(Saved data entries)

--- START ---

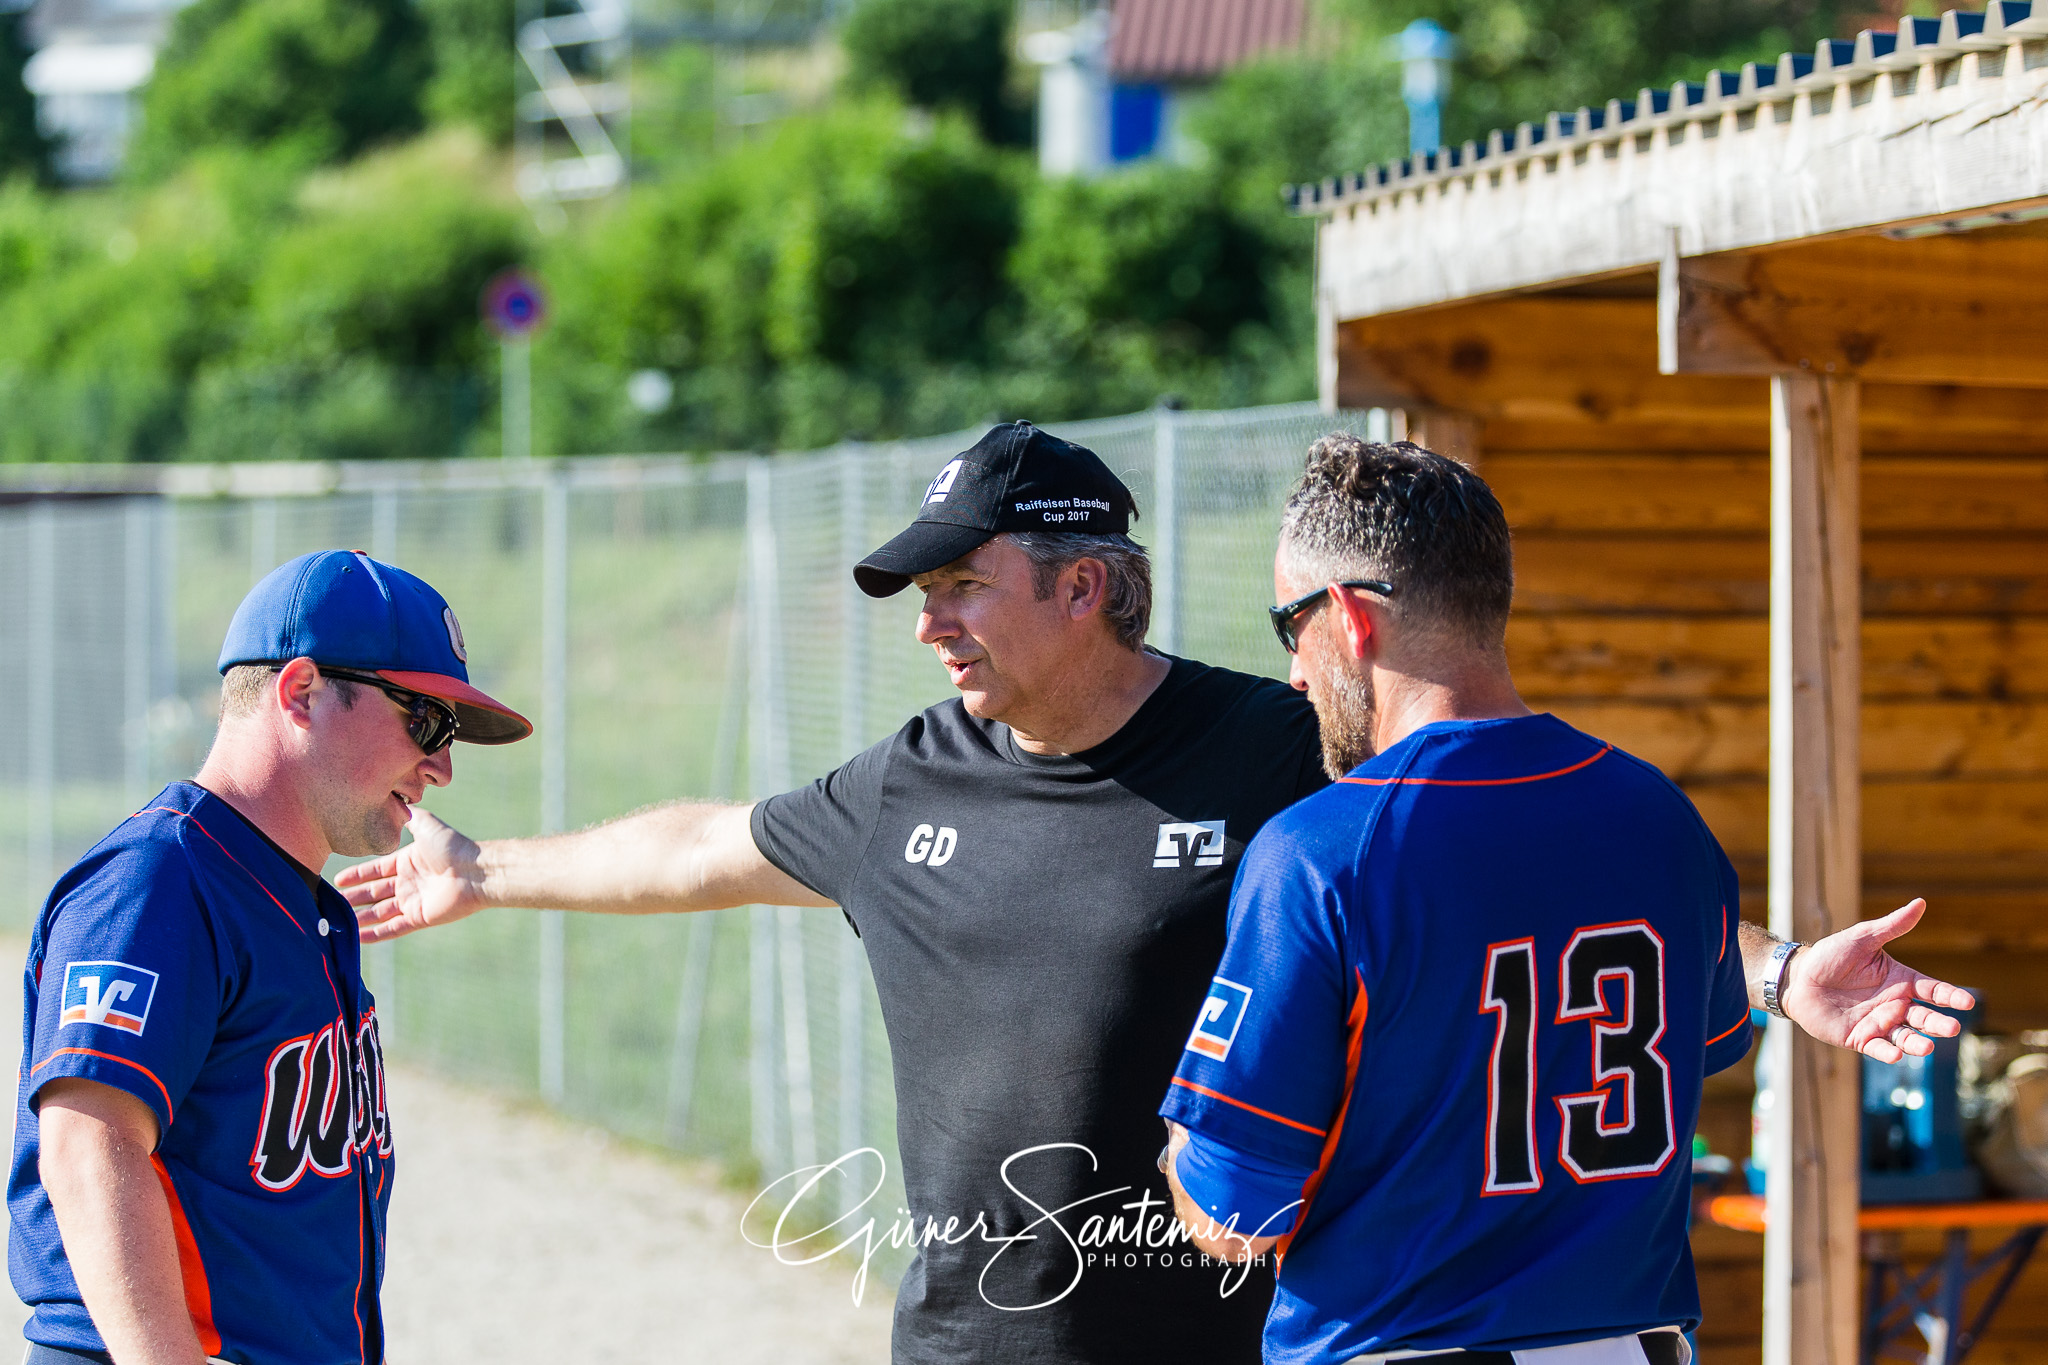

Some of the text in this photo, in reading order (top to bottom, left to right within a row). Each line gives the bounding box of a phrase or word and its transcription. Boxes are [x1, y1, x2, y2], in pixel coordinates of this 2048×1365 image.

[1015, 498, 1110, 512] Raiffeisen Baseball
[1043, 511, 1090, 524] Cup 2017
[904, 823, 958, 867] GD
[1478, 919, 1677, 1197] 13

--- END ---

**Aim of the task**
Write out the records once more, exactly as they stand, with no images.

**Answer box**
Some of the text in this photo, in reading order (top to bottom, left to right within a row). Each line gives the bounding box of a phrase or word and its transcription. Boxes are [x1, y1, x2, y2], in pixel coordinates of this 2048×1365 image.

[1015, 498, 1110, 512] Raiffeisen Baseball
[1043, 511, 1090, 524] Cup 2017
[904, 823, 958, 867] GD
[1478, 919, 1677, 1197] 13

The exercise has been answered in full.